ACTIVITY: Write out precisely the lines beginning with the line that contains "this 1600×1200 image." and ending with the last line of the entries, and no other lines.
Top of LISTED RECORDS
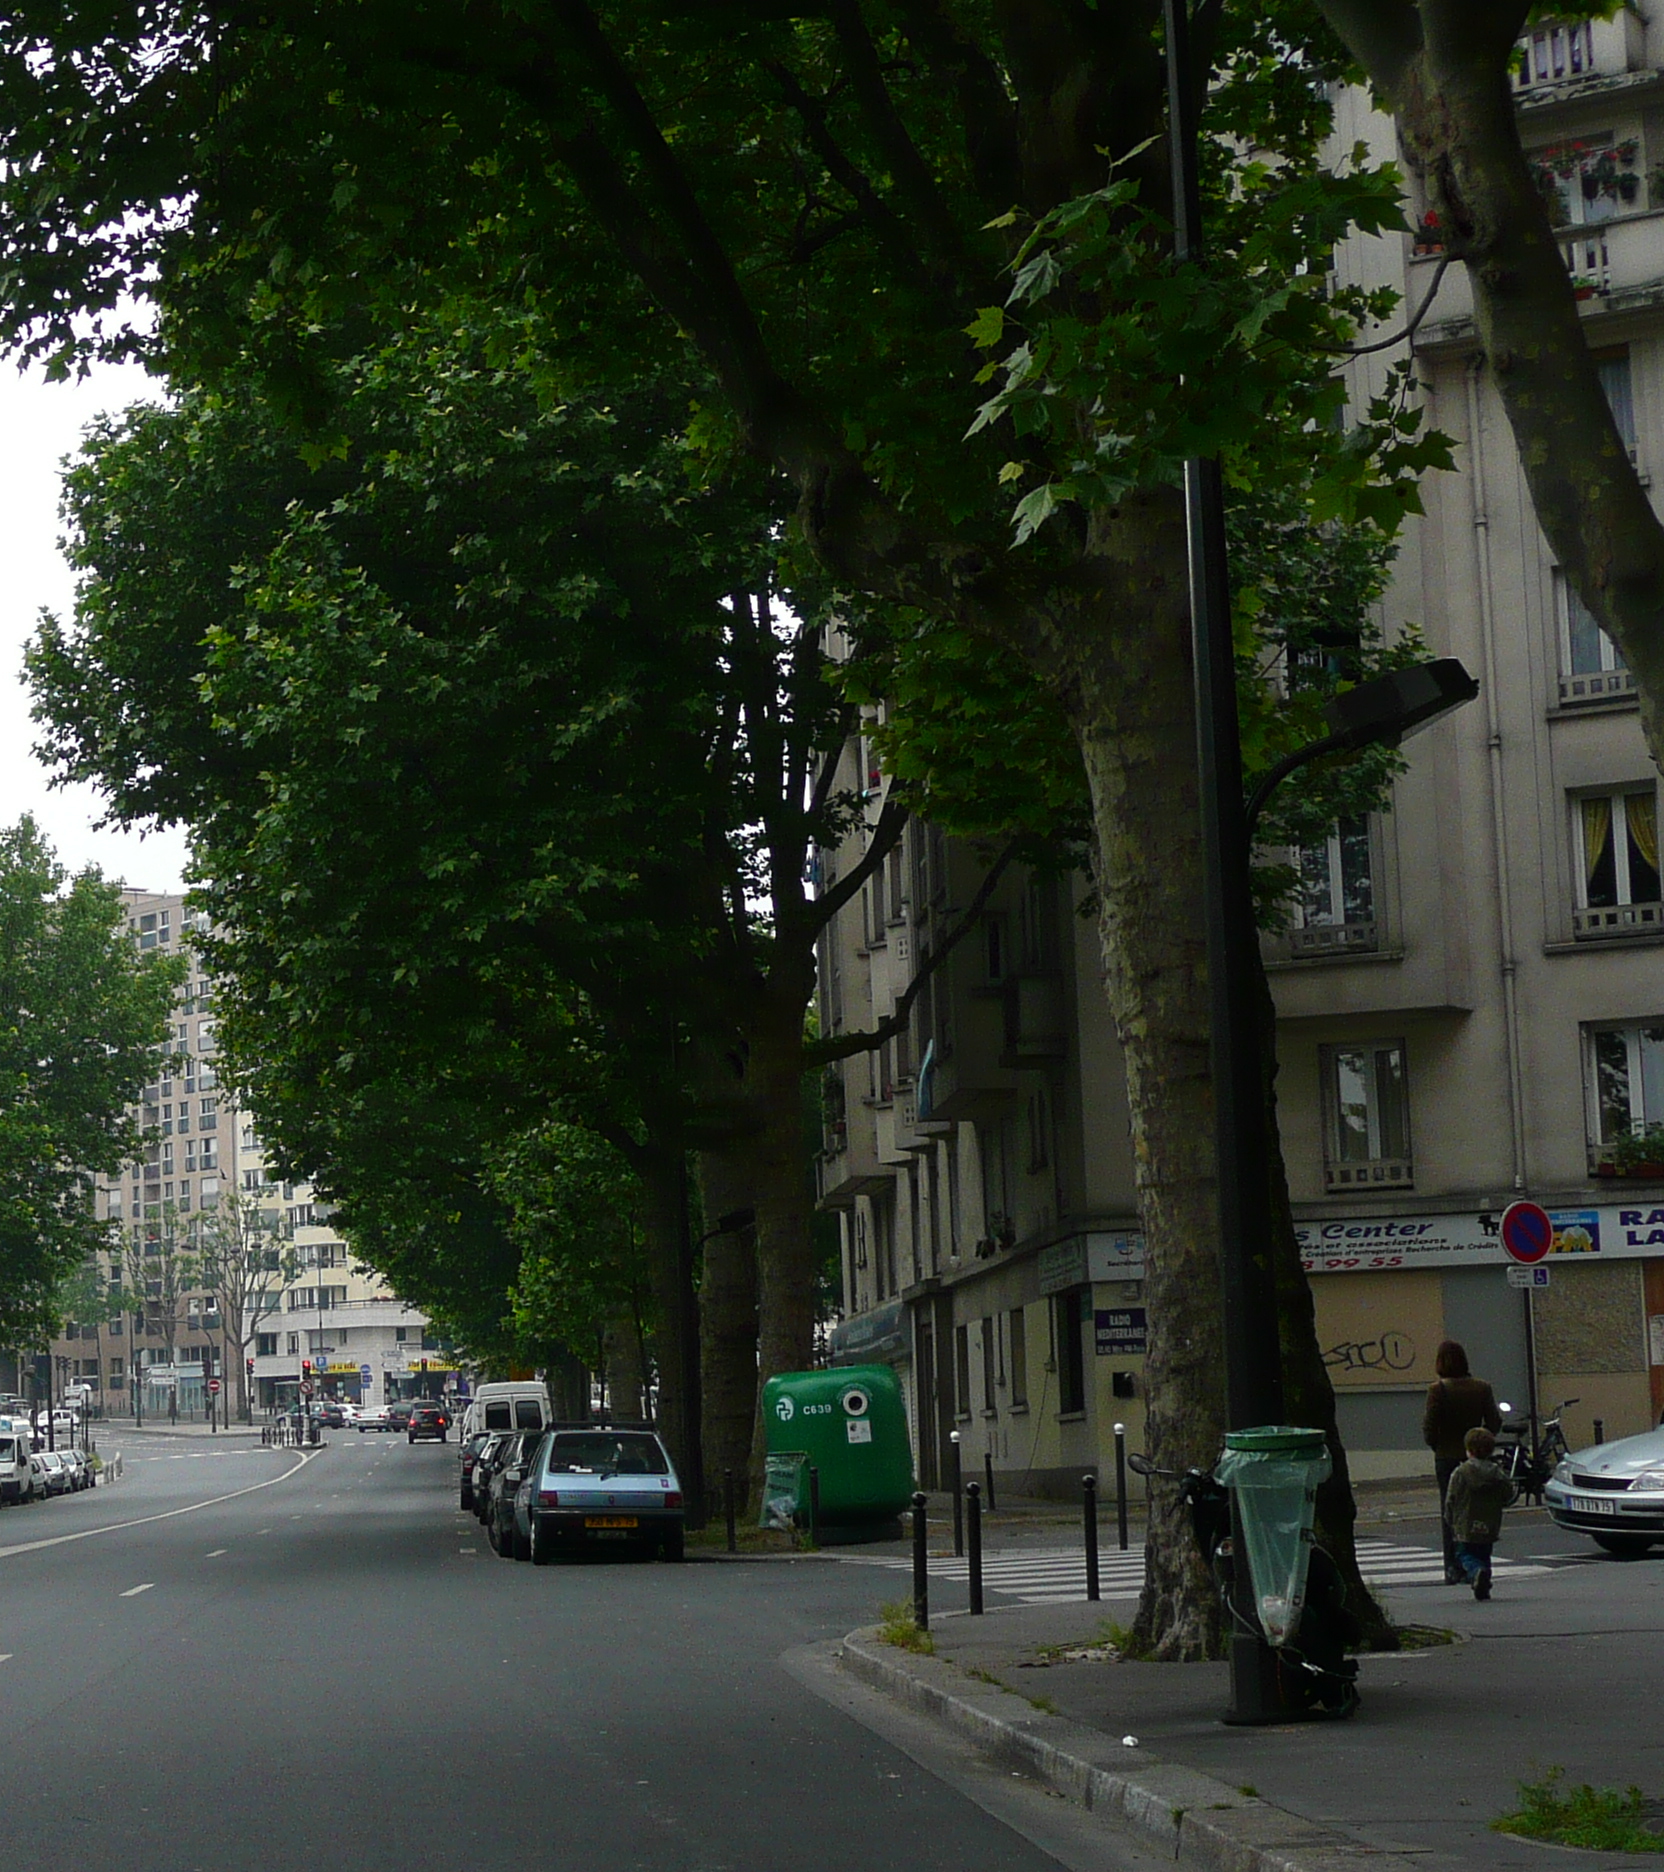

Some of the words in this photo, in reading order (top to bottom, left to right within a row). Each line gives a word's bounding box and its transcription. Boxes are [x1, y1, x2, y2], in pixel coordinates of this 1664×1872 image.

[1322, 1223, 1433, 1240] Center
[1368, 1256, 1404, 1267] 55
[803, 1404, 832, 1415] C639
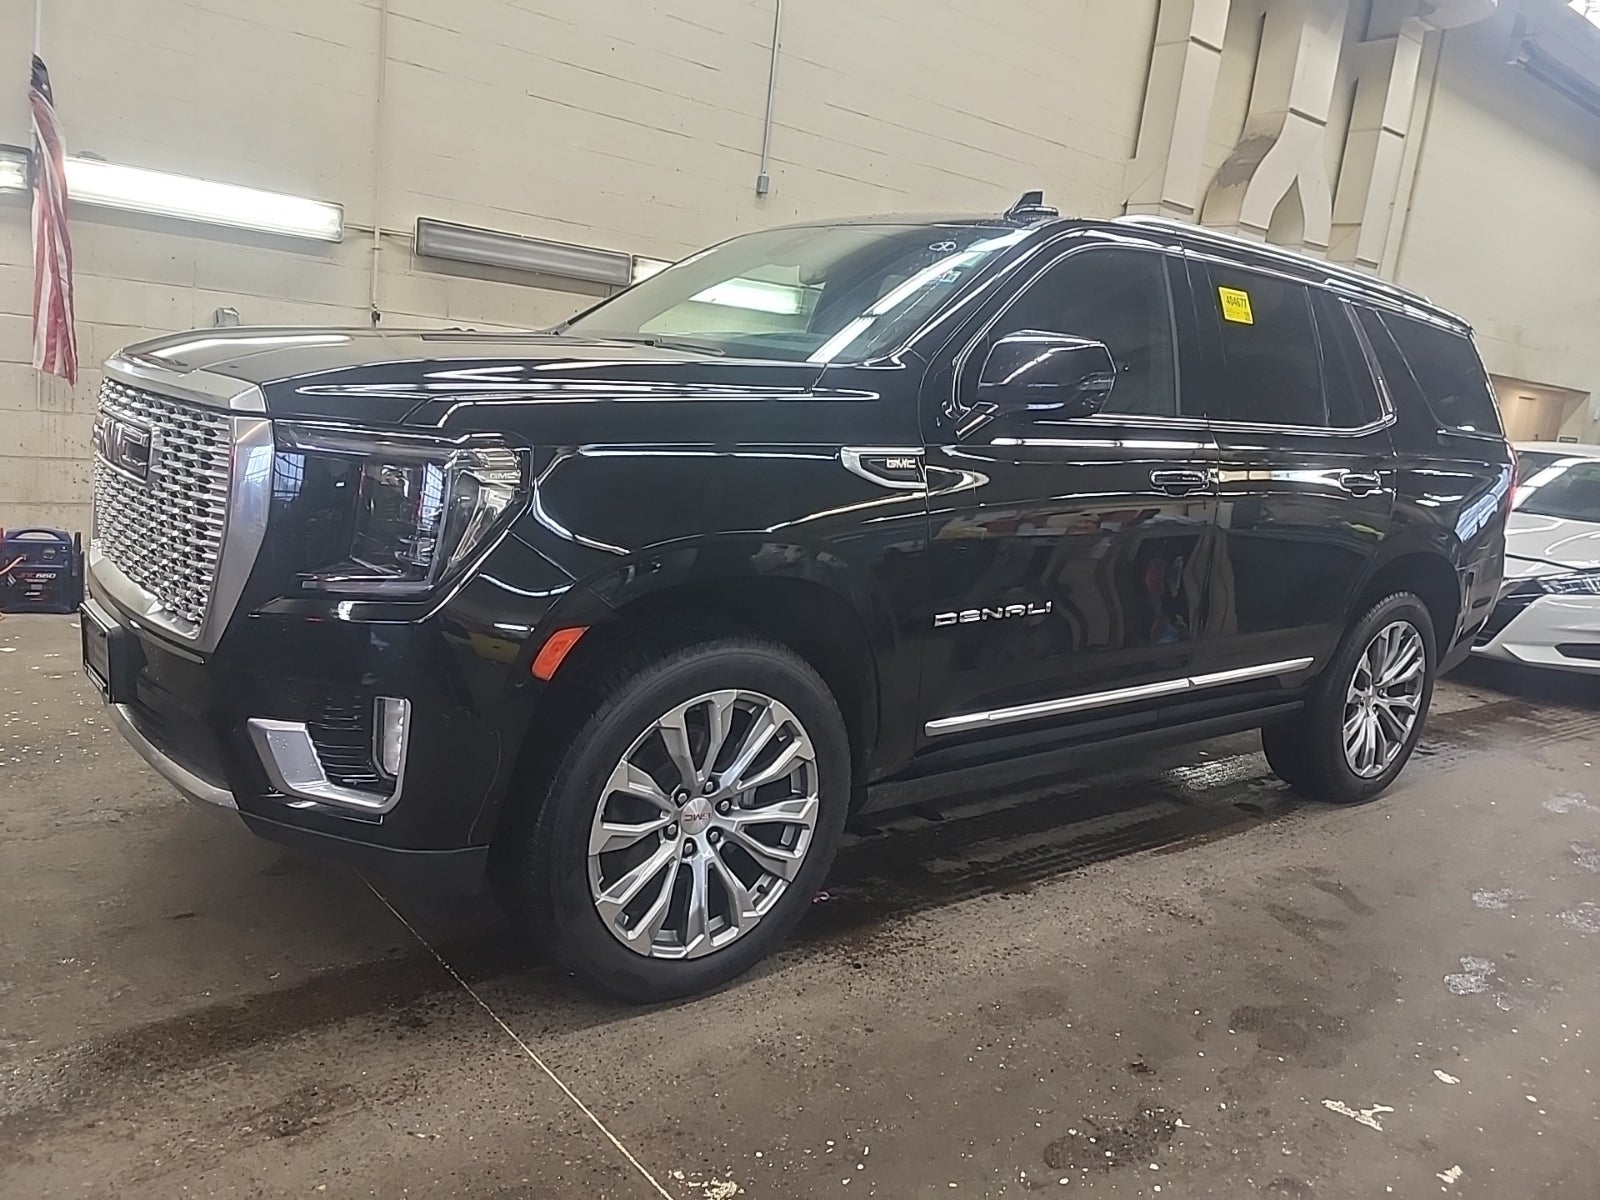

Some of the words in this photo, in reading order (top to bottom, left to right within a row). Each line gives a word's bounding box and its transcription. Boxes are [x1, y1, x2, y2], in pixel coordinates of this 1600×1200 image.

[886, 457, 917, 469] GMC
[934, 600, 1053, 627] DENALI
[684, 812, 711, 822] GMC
Bottom of LISTED RECORDS
WRITTEN REPLY:
Some of the words in this photo, in reading order (top to bottom, left to right within a row). Each line gives a word's bounding box and its transcription. Boxes are [x1, y1, x2, y2], in pixel coordinates of this 1600×1200 image.

[886, 457, 917, 469] GMC
[934, 600, 1053, 627] DENALI
[684, 812, 711, 822] GMC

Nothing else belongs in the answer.